Tutorial 5: 循环与迭代

循环的重要性

在 AI Agent 中,循环是实现以下功能的关键:

  • 迭代优化: 反复改进内容直到满意

  • 重试机制: 失败后自动重试

  • 对话循环: 持续的人机交互

  • 自我纠错: Agent 检查并修正自己的输出

LangGraph 中的循环

LangGraph 原生支持循环,通过条件边实现:

┌─────────┐
│  START  │
└────┬────┘
     │
     ▼
┌─────────┐     ┌─────────┐
│ Process │────►│ Evaluate│
└─────────┘     └────┬────┘
     ▲               │
     │    ┌──────────┴──────────┐
     │    │                     │
     │    ▼                     ▼
     │  不满意               满意
     │    │                     │
     └────┘                     ▼
                           ┌─────────┐
                           │   END   │
                           └─────────┘

基本循环模式

from typing import TypedDict, Literal
from langgraph.graph import StateGraph, START, END

class State(TypedDict):
    content: str
    iteration: int
    max_iterations: int
    is_satisfied: bool

def process(state: State) -> dict:
    """处理节点"""
    content = state["content"]
    iteration = state.get("iteration", 0) + 1

    # 模拟处理
    improved_content = f"{content} [改进 #{iteration}]"

    return {
        "content": improved_content,
        "iteration": iteration
    }

def evaluate(state: State) -> dict:
    """评估节点"""
    iteration = state["iteration"]
    max_iter = state.get("max_iterations", 3)

    # 模拟评估:达到最大迭代次数则满意
    is_satisfied = iteration >= max_iter

    return {"is_satisfied": is_satisfied}

def should_continue(state: State) -> Literal["continue", "end"]:
    """路由函数"""
    if state["is_satisfied"]:
        return "end"
    return "continue"

# 构建图
graph = StateGraph(State)

graph.add_node("process", process)
graph.add_node("evaluate", evaluate)

graph.add_edge(START, "process")
graph.add_edge("process", "evaluate")

graph.add_conditional_edges(
    "evaluate",
    should_continue,
    {
        "continue": "process",  # 循环回到 process
        "end": END
    }
)

app = graph.compile()

result = app.invoke({
    "content": "初始内容",
    "iteration": 0,
    "max_iterations": 3,
    "is_satisfied": False
})

print(f"最终内容: {result['content']}")
print(f"迭代次数: {result['iteration']}")

防止无限循环

  1. 最大迭代次数限制

def should_continue(state: State) -> str:
    max_iterations = state.get("max_iterations", 5)
    current = state.get("iteration", 0)

    if current >= max_iterations:
        return "end"  # 强制结束

    if state["is_satisfied"]:
        return "end"

    return "continue"
  1. 使用图的 recursion_limit

# 编译时设置递归限制
app = graph.compile()

# 运行时设置
result = app.invoke(
    initial_state,
    {"recursion_limit": 10}  # 最多执行10步
)

实战:内容迭代优化系统

from typing import TypedDict, List, Literal, Annotated
from operator import add
from langgraph.graph import StateGraph, START, END
from langchain_openai import ChatOpenAI

# ========== 状态定义 ==========

class ContentState(TypedDict):
    topic: str
    platform: str
    current_content: str
    quality_score: int
    target_score: int
    iteration: int
    max_iterations: int
    improvement_history: Annotated[List[dict], add]

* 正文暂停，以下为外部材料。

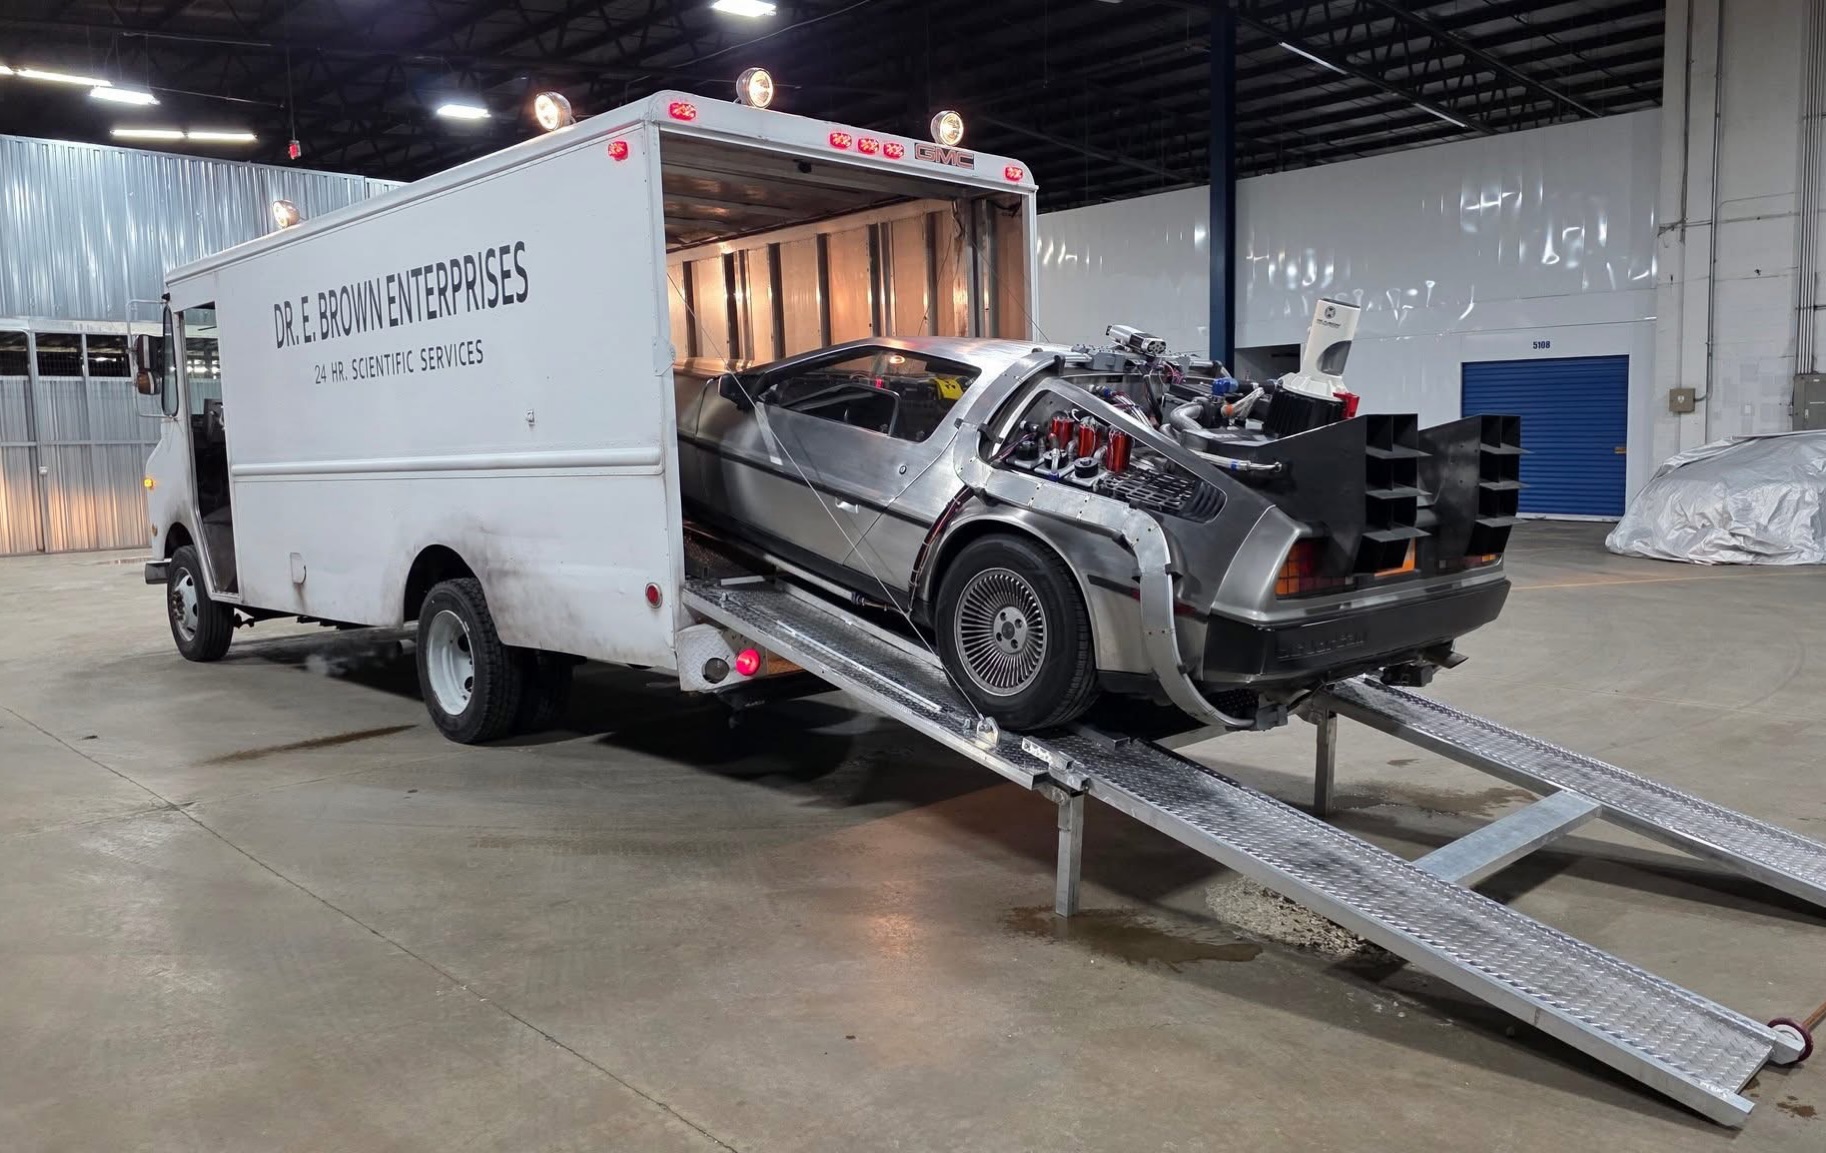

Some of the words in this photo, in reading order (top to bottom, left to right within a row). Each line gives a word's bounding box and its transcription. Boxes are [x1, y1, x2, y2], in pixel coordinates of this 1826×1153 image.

# ========== 节点定义 ==========

llm = ChatOpenAI(model="gpt-4o-mini", temperature=0.7)

def generate_initial(state: ContentState) -> dict:
    """生成初始内容"""
    topic = state["topic"]
    platform = state["platform"]

    response = llm.invoke(f"""
为「{platform}」写一篇关于「{topic}」的短文(300字左右)。
""")

    return {
        "current_content": response.content,
        "iteration": 1
    }

def evaluate_content(state: ContentState) -> dict:
    """评估内容质量"""
    content = state["current_content"]

    response = llm.invoke(f"""
评估以下内容的质量(0-100分):

{content}

评分标准:
- 内容深度 (40分)
- 结构清晰 (30分)
- 语言表达 (30分)

输出格式:
分数: [数字]
问题: [主要问题,一句话]
""")

    result = response.content

    # 解析分数
    try:
        score_line = [l for l in result.split("\n") if "分数" in l][0]
        score = int(''.join(filter(str.isdigit, score_line)))
    except:
        score = 70

    # 解析问题
    try:
        issue_line = [l for l in result.split("\n") if "问题" in l][0]
        issue = issue_line.split(":")[-1].strip()
    except:
        issue = "需要整体优化"

    return {
        "quality_score": score,
        "improvement_history": [{
            "iteration": state["iteration"],
            "score": score,
            "issue": issue
        }]
    }

def improve_content(state: ContentState) -> dict:
    """改进内容"""
    content = state["current_content"]
    history = state["improvement_history"]

    # 获取最新的问题
    latest_issue = history[-1]["issue"] if history else "整体优化"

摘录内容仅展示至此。